Por esse motivo, o Supremo Tribunal Federal vem determinando a integração da norma, em sede de mandado de injunção, a fim de determinar a aplicação subsidiária das normas do Regime Geral de Previdência Social aos servidores públicos que se enquadrem em uma das situações especificadas no art. 40, §4º da CF.

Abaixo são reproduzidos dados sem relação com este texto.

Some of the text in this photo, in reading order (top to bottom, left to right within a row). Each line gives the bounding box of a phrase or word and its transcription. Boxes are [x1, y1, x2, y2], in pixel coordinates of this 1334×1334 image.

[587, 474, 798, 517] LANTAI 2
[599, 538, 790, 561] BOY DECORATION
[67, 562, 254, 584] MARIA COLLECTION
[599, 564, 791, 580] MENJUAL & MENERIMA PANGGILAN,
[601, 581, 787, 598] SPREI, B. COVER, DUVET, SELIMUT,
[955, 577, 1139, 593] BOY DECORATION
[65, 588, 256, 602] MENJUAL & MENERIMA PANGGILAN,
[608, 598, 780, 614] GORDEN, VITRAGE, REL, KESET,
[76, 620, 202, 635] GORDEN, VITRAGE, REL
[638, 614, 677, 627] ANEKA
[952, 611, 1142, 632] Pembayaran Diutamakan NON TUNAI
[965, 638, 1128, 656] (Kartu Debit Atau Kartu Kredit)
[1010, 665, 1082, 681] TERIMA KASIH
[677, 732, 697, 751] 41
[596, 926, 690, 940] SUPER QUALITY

Neste sentido, destaco o seguinte precedente do Supremo Tribunal Federal:
“E M E N T A: MANDADO DE INJUNÇÃO – EMBARGOS DE DECLARAÇÃO RECEBIDOS COMO RECURSO DE AGRAVO– APOSENTADORIA ESPECIAL (CF, ART. 40, § 4º) –DECISÃO MONOCRÁTICA QUE CONCEDEU A ORDEM INJUNCIONAL, PARA, RECONHECIDO O ESTADO DEMORA LEGISLATIVA, GARANTIR, À PARTE IMPETRANTE,O DIREITO DE TER O SEU PEDIDO DE APOSENTADORIA ESPECIAL CONCRETAMENTE ANALISADO PELA AUTORIDADE ADMINISTRATIVA COMPETENTE,OBSERVADO, PARA TANTO, O QUE DISPÕE O ART. 57 DA
LEI Nº 8.213/91 – DECISÃO QUE SE AJUSTA, NO PONTO, AOS PRECEDENTES DO SUPREMO TRIBUNAL FEDERAL,EM ESPECIAL O MI 721/DF, REL. MIN. MARCO AURÉLIO,E O MI 2.195 AGR/DF, REL. MIN. CÁRMEN LÚCIA. CONSEQÜENTE INVIABILIDADE DA POSTULAÇÃO RECURSAL – SUBSISTÊNCIA DOS FUNDAMENTOS QUE DÃO SUPORTE À DECISÃO RECORRIDA – RECURSO DE AGRAVO IMPROVIDO.(MI 1194 ED, Relator(a): Min. CELSO DE MELLO, Tribunal Pleno, julgado em 12/05/2011, DJe 098 DIVULG 24 05 2011 PUBLIC 25 05 2011 EMENT VOL 02529 01 PP 00023)

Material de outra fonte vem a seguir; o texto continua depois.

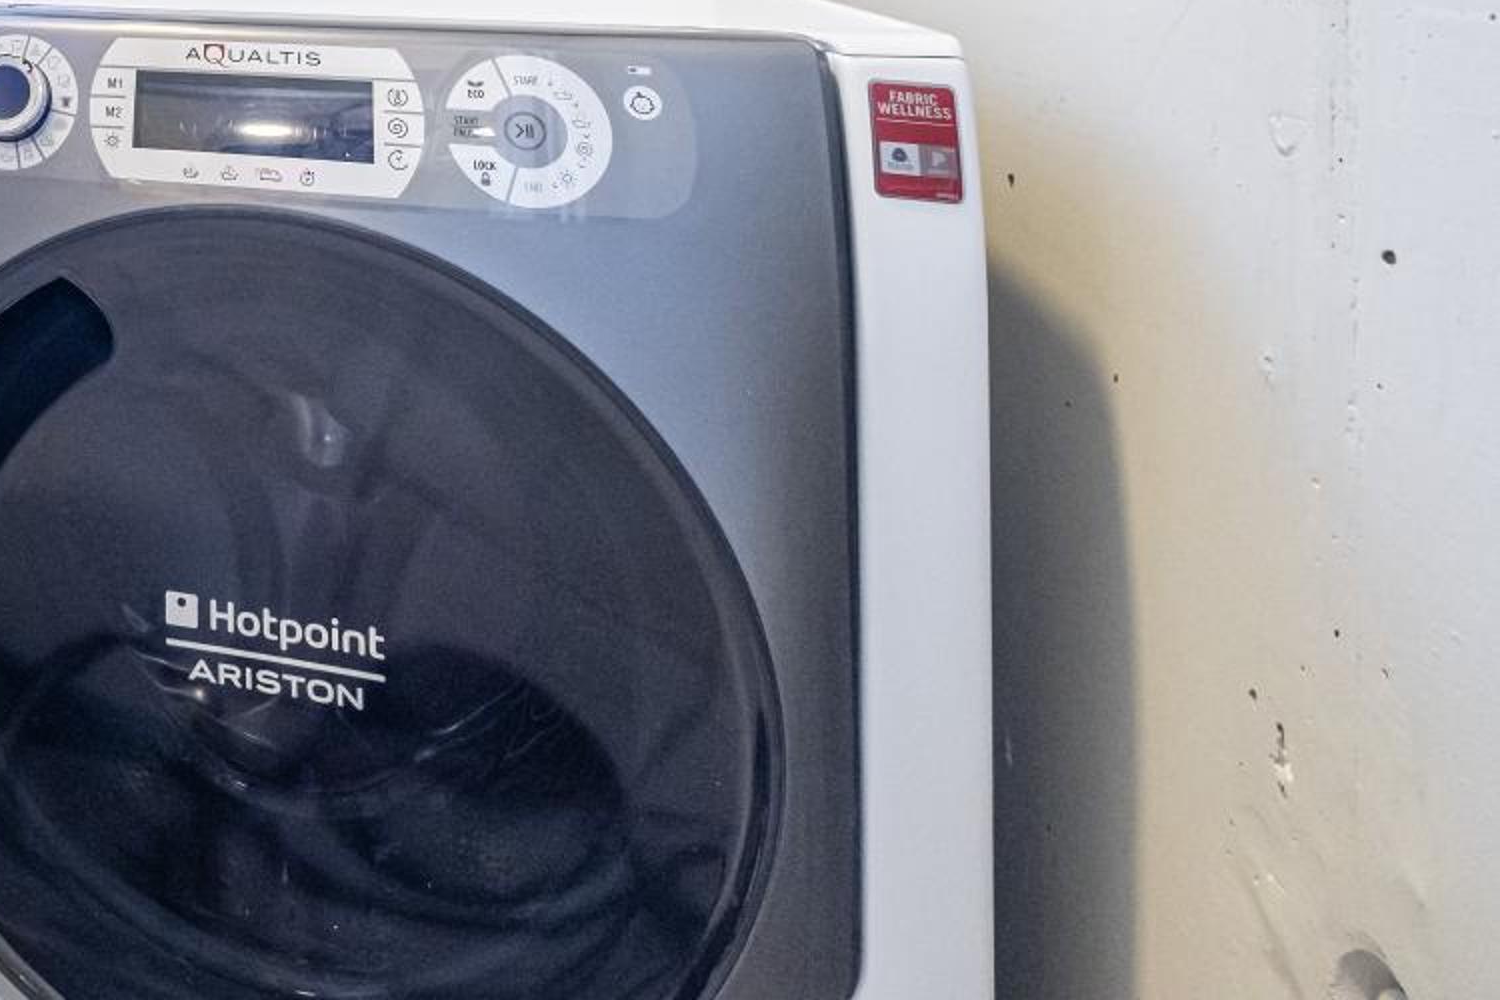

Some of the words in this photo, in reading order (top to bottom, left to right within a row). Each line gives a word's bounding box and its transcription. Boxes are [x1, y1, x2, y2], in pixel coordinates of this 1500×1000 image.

[185, 43, 321, 66] AQUALTIS
[108, 76, 123, 89] M1
[889, 90, 937, 107] FABRIC
[106, 106, 123, 120] M2
[877, 103, 952, 121] WELLNESS
[474, 160, 496, 171] LOCK
[209, 599, 385, 661] Hotpoint
[189, 659, 364, 711] ARISTON

Ressalte-se, ademais, que a aplicação subsidiária das normas do RGPS aos servidores públicos federais encontra expressa previsão no §12 do art. 40 da Carta da República:
§ 12 Além do disposto neste artigo, o regime de previdência dos servidores públicos titulares de cargo efetivo observará, no que couber, os requisitos e critérios fixados para o regime geral de previdência social.
Sendo assim, mostra-se aplicável, enquanto não sobrevier norma específica regulando a aposentadoria especial dos servidores públicos, o disposto no art. 57 da Lei 8.213/91, no que couber.
Já o parágrafo 1º do artigo 57 da Lei 8.213/91, dispõe que:
Art. 57 - A aposentadoria especial será devida, uma vez cumprida a carência exigida nesta Lei, ao segurado que tiver trabalhado sujeito a condições especiais que prejudiquem a saúde ou a integridade física, durante 15 (quinze), 20 (vinte) ou 25 (vinte e cinco) anos, conforme dispuser a lei.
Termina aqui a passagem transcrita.